*** Opening of Stored data ***
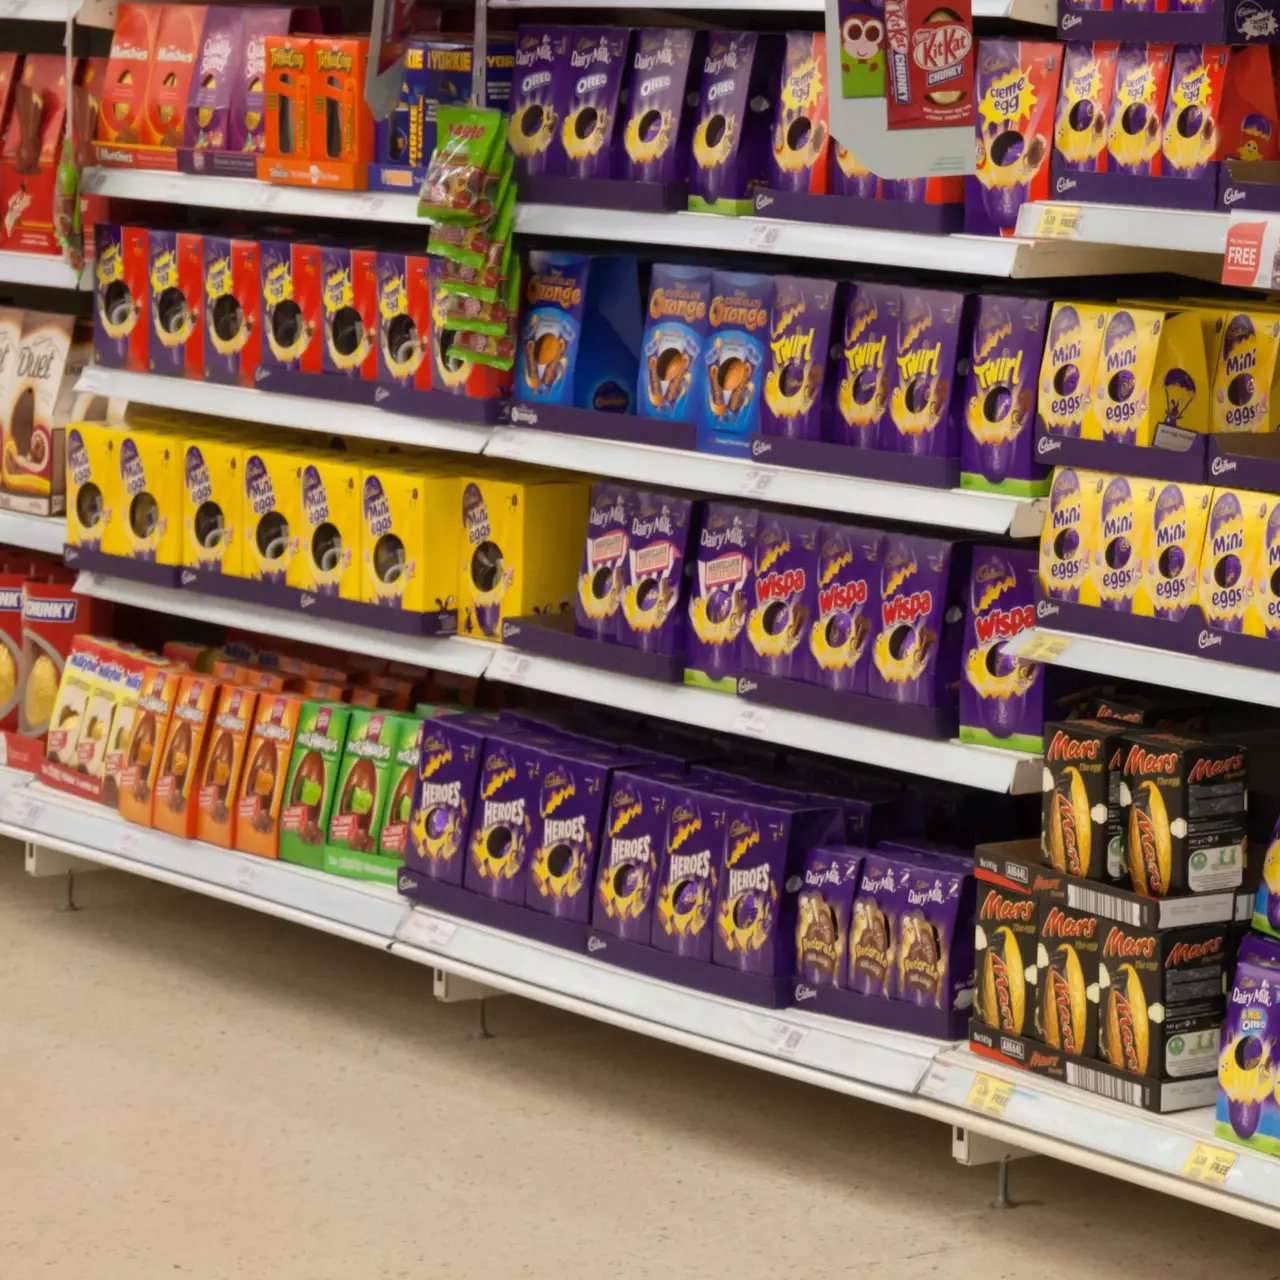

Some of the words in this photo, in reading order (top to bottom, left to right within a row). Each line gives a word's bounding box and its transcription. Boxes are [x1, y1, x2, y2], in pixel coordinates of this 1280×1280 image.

[895, 54, 909, 102] CHUNKY
[757, 568, 804, 600] Wispa
[1048, 733, 1101, 761] Mars
[422, 780, 462, 804] HEROES
[1042, 907, 1097, 937] Mars
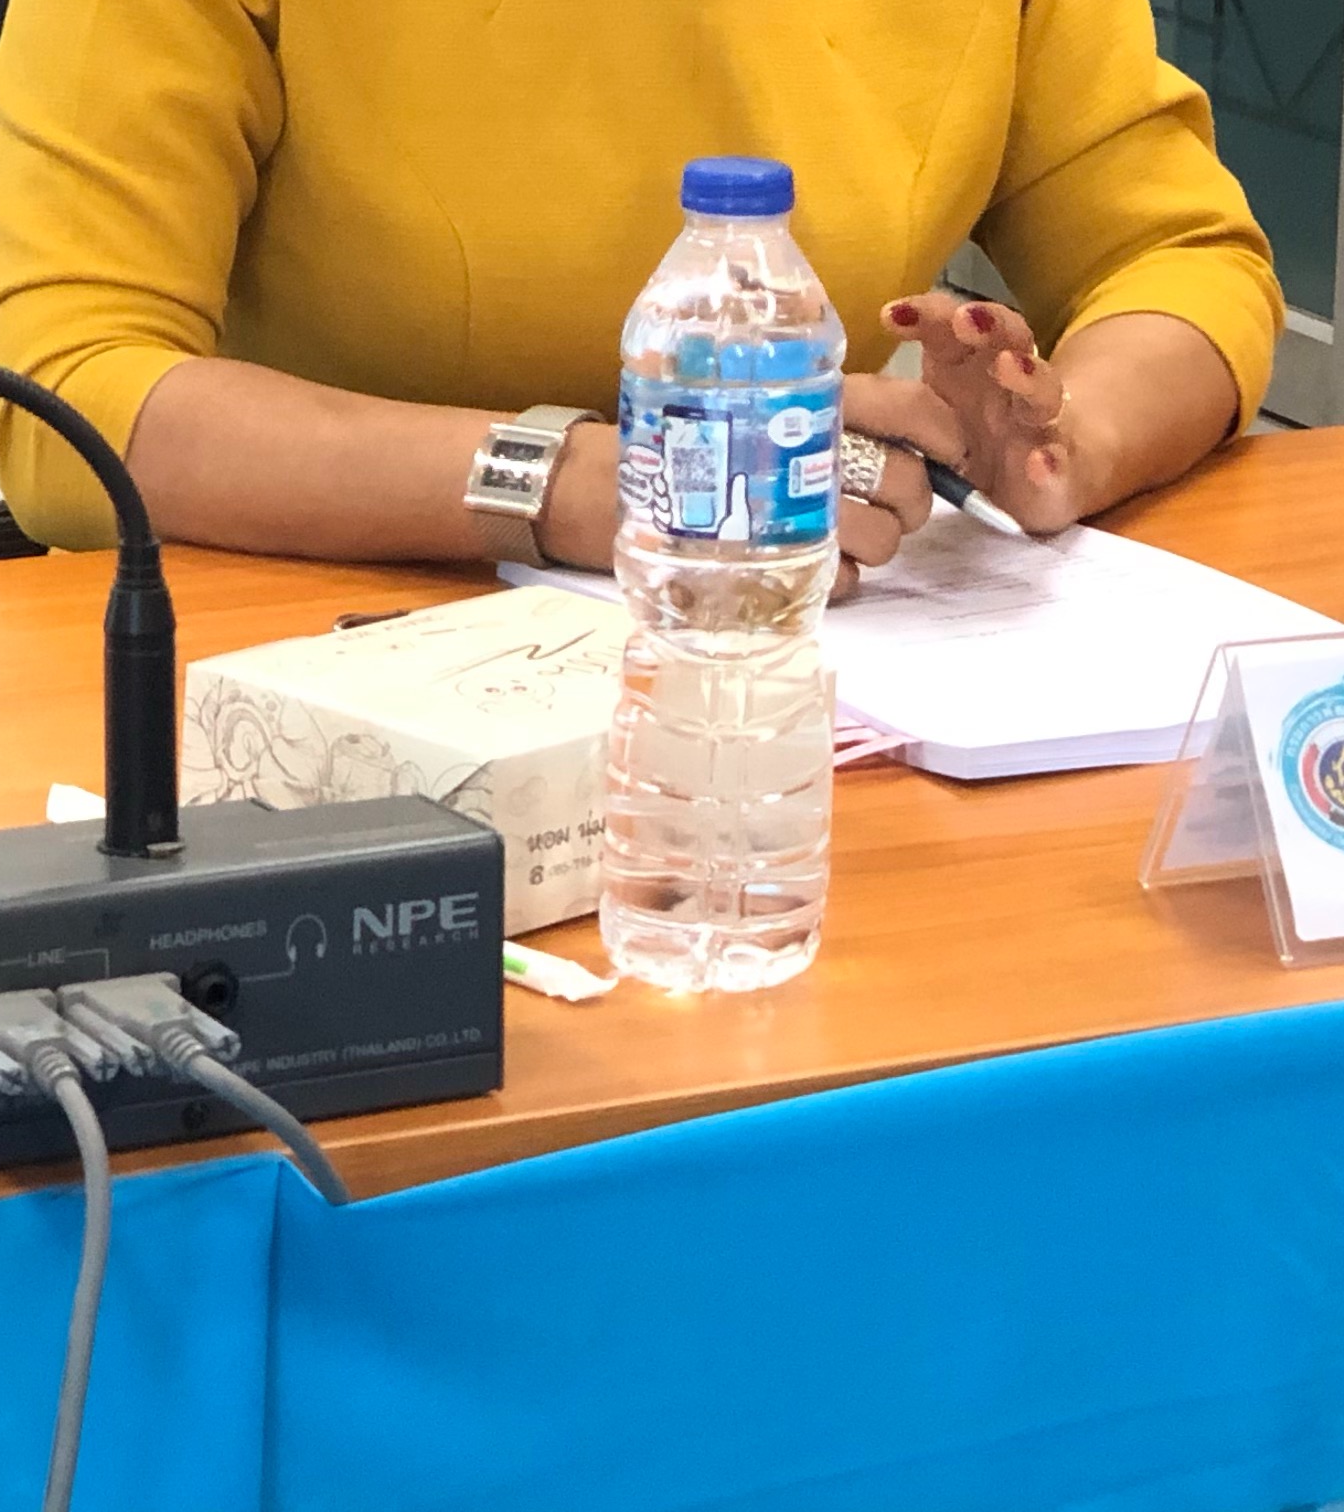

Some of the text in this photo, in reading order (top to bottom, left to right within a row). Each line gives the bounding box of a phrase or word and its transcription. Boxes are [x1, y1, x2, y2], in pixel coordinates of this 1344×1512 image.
*** Close of Stored data ***
Action item:
Your answer must be the full set of entries, set down exactly and without pictures.

Written answer:
Some of the words in this photo, in reading order (top to bottom, left to right within a row). Each line gives a word's bounding box and its transcription. Boxes are [x1, y1, x2, y2], in pixel coordinates of this 1280×1280 image.

[895, 54, 909, 102] CHUNKY
[757, 568, 804, 600] Wispa
[1048, 733, 1101, 761] Mars
[422, 780, 462, 804] HEROES
[1042, 907, 1097, 937] Mars

Some of the text in this photo, in reading order (top to bottom, left to right within a row). Each line gives the bounding box of a phrase or word and its transcription. Boxes are [x1, y1, x2, y2], in pixel coordinates of this 1344×1512 image.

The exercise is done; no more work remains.